I draw students’ attention to the fact that when a valence electron is transferred from a metal atom (sodium) to a non-metal atom (chlorine), the atoms turn into ions.

Ions are charged particles into which atoms are transformed as a result of the transfer or addition of electrons.

The signs and magnitudes of the ion charges and oxidation states are the same, and the difference in design is as follows:

1 –1
Na, Cl – for oxidation states,

Na + , Cl – – for ion charges.

FORMATION OF CALCAL FLUORIDE CaF 2

Calcium is an element of subgroup IIa, it has two valence electrons, it is a metal. The calcium atom donates its valence electrons to the fluorine atom, a nonmetal and the most electronegative element.

In the diagram we arrange the unpaired valence electrons of the atoms so that they “see” each other and can form electron pairs:

The binding of calcium and fluorine atoms into the CaF 2 compound is energetically favorable. As a result, the energy level of both atoms becomes eight-electron: for fluorine it is the outer energy level, and for calcium it is the outer one. Schematic representation of electron transfer in atoms (useful when studying redox reactions):

I point out to students that, just as negatively charged electrons are attracted to the positively charged nucleus of an atom, oppositely charged ions are held together by the force of electrostatic attraction.

Ionic compounds are solids with a high melting point. Students know from life that they can heat table salt for several hours to no avail. The temperature of the gas burner flame (~500 °C) is not enough to melt the salt
(t pl (NaCl) = 800 °C). From here we conclude: the bond between charged particles (ions) - the ionic bond - is very strong.

Let us generalize: when metal atoms (M) combine with non-metal atoms (Nem), there is not a displacement, but a donation of valence electrons by the metal atoms to the non-metal atoms.

In this case, electrically neutral atoms turn into charged particles - ions, the charge of which coincides with the number of electrons donated (for a metal) and attached (for a non-metal).
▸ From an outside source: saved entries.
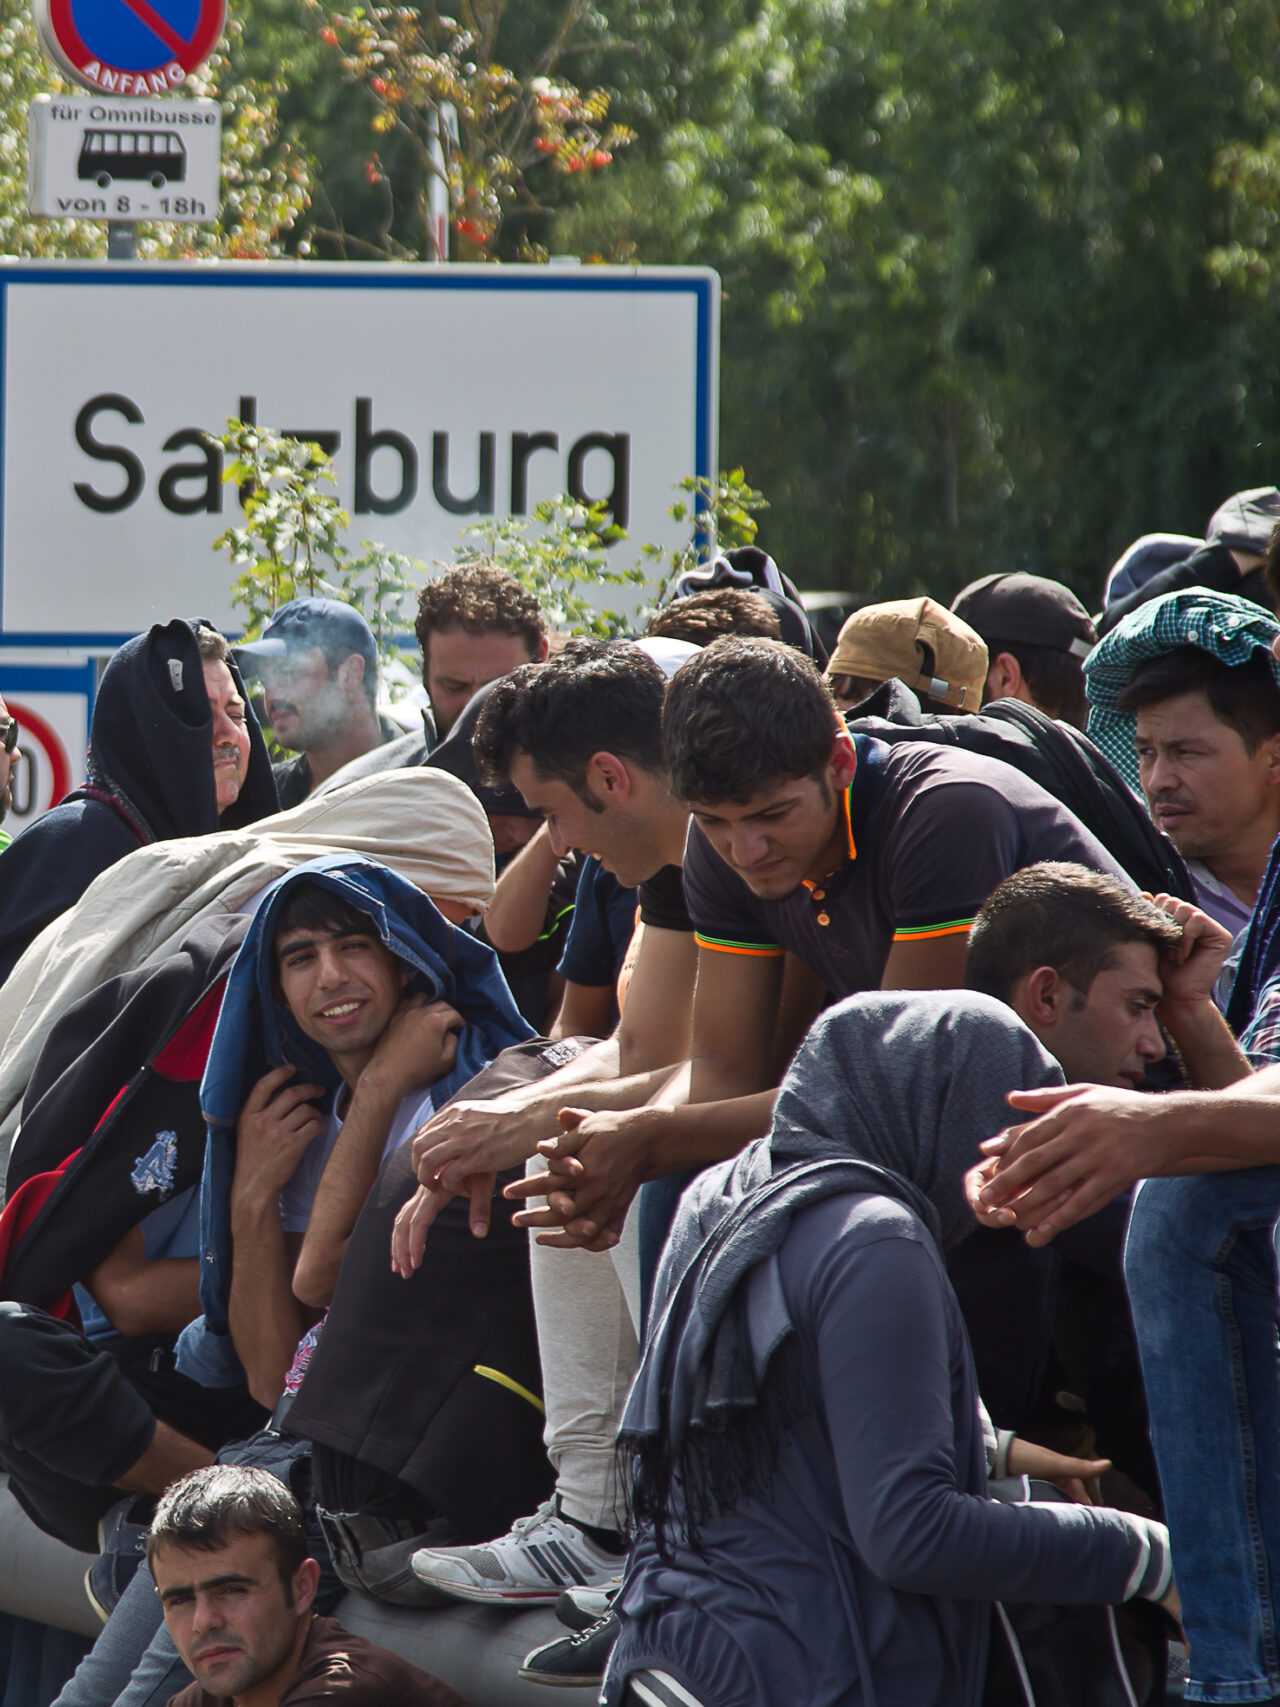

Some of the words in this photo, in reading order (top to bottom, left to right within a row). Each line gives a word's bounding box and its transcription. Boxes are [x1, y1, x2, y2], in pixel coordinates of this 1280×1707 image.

[82, 60, 186, 95] ANFANG
[51, 104, 82, 121] für
[89, 105, 217, 125] Omnibusse
[57, 197, 107, 213] von
[116, 196, 131, 213] 8
[160, 196, 207, 216] 18h
Thus, in the first of two lessons the concept of “oxidation state” is formed, and in the second the formation of an ionic compound is explained. New concepts will serve as a good basis for further study of theoretical material, namely: the mechanisms of chemical bond formation, the dependence of the properties of substances on their composition and structure, and consideration of redox reactions.
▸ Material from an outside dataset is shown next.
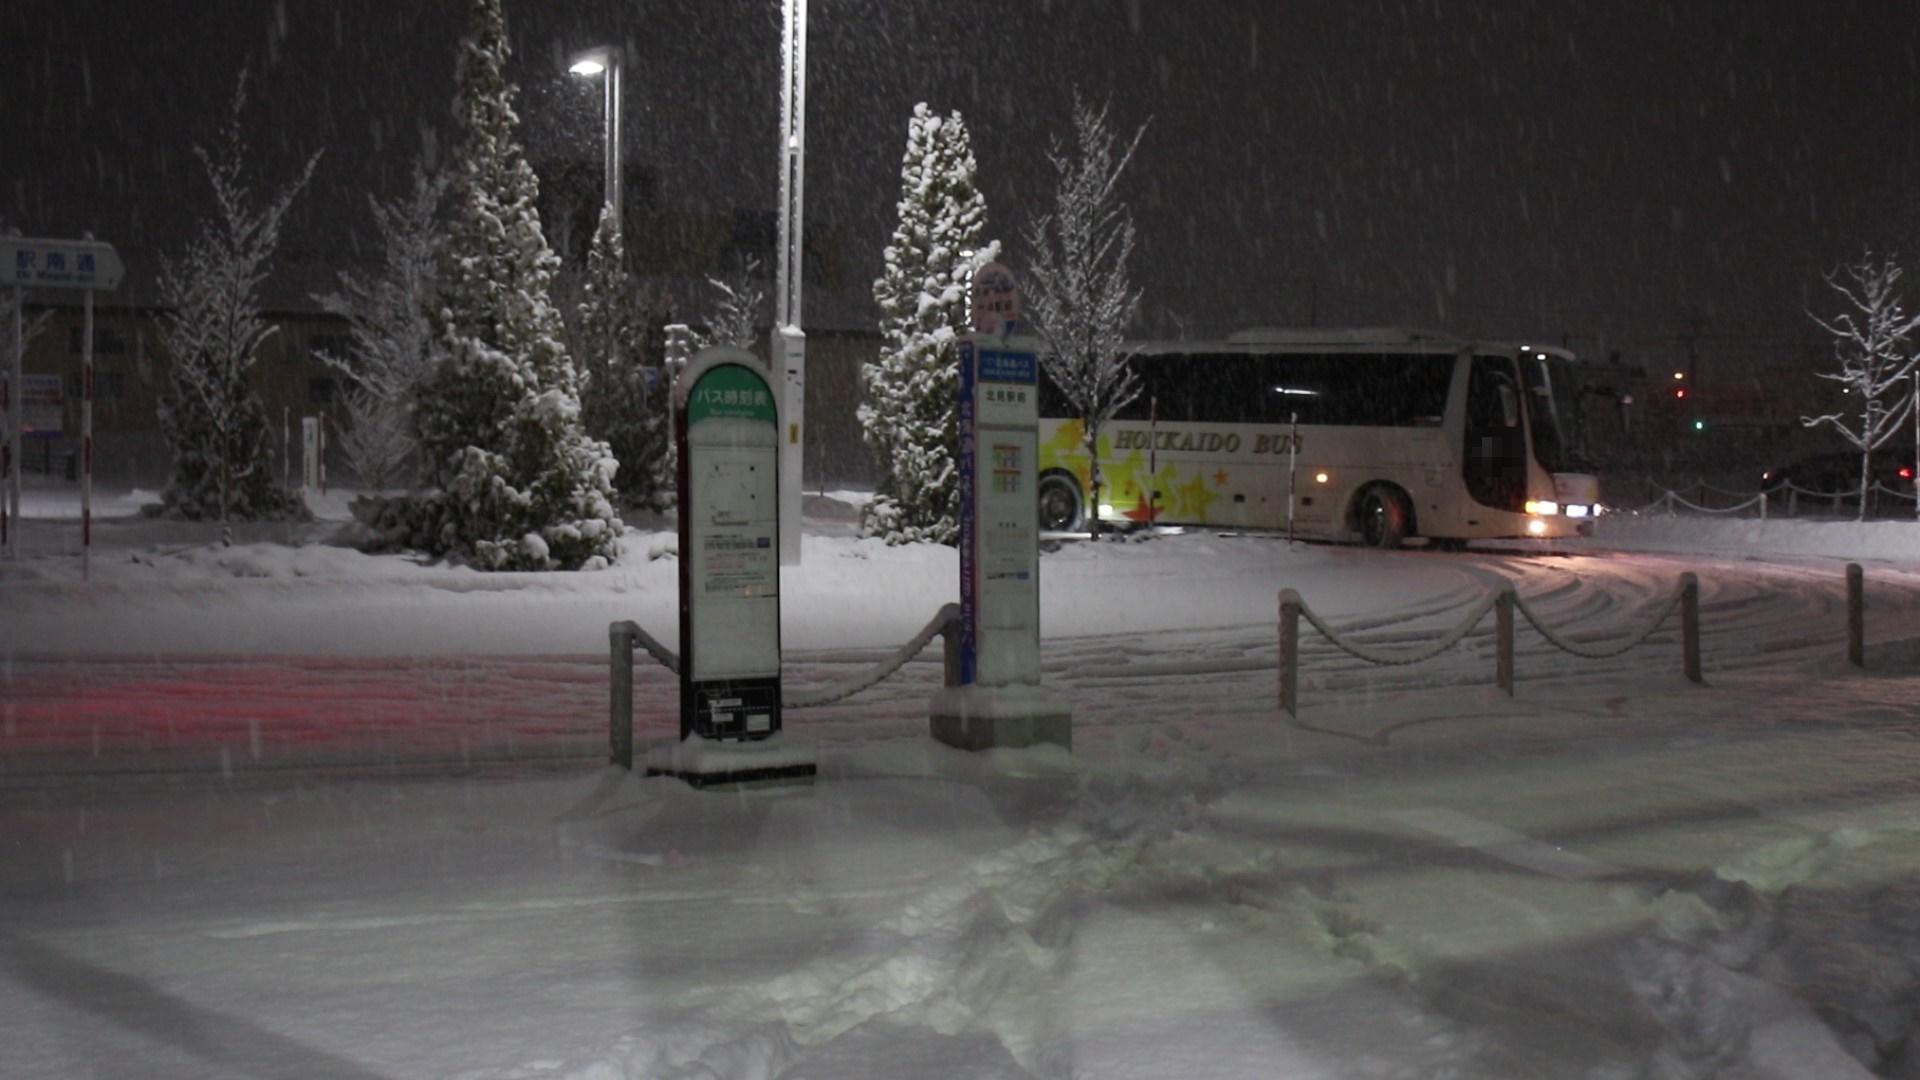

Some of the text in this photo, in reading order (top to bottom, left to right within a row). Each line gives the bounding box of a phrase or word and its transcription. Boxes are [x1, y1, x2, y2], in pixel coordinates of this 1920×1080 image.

In conclusion, I want to compare two methodological techniques: the technique of paradox and the technique of creating problem situations in the classroom.

A paradoxical situation is created logically in the course of studying new material. Its main advantage is strong emotions and surprise among students. Surprise is a powerful impetus to thinking in general. It “turns on” involuntary attention, activates thinking, forces you to explore and find ways to solve the issue that has arisen.

Colleagues will probably object: creating a problematic situation in class leads to the same thing. It does, but not always! As a rule, a problematic question is formulated by the teacher before studying new material and does not stimulate all students to work. It remains unclear to many where this problem came from and why, in fact, it needs a solution. The paradox technique is created in the course of studying new material and encourages students to formulate the problem themselves, and therefore understand the origins of its occurrence and the need for a solution.

I dare to say that the use of paradox is the most successful way to enhance student activity in the classroom, develop their research skills and creative abilities.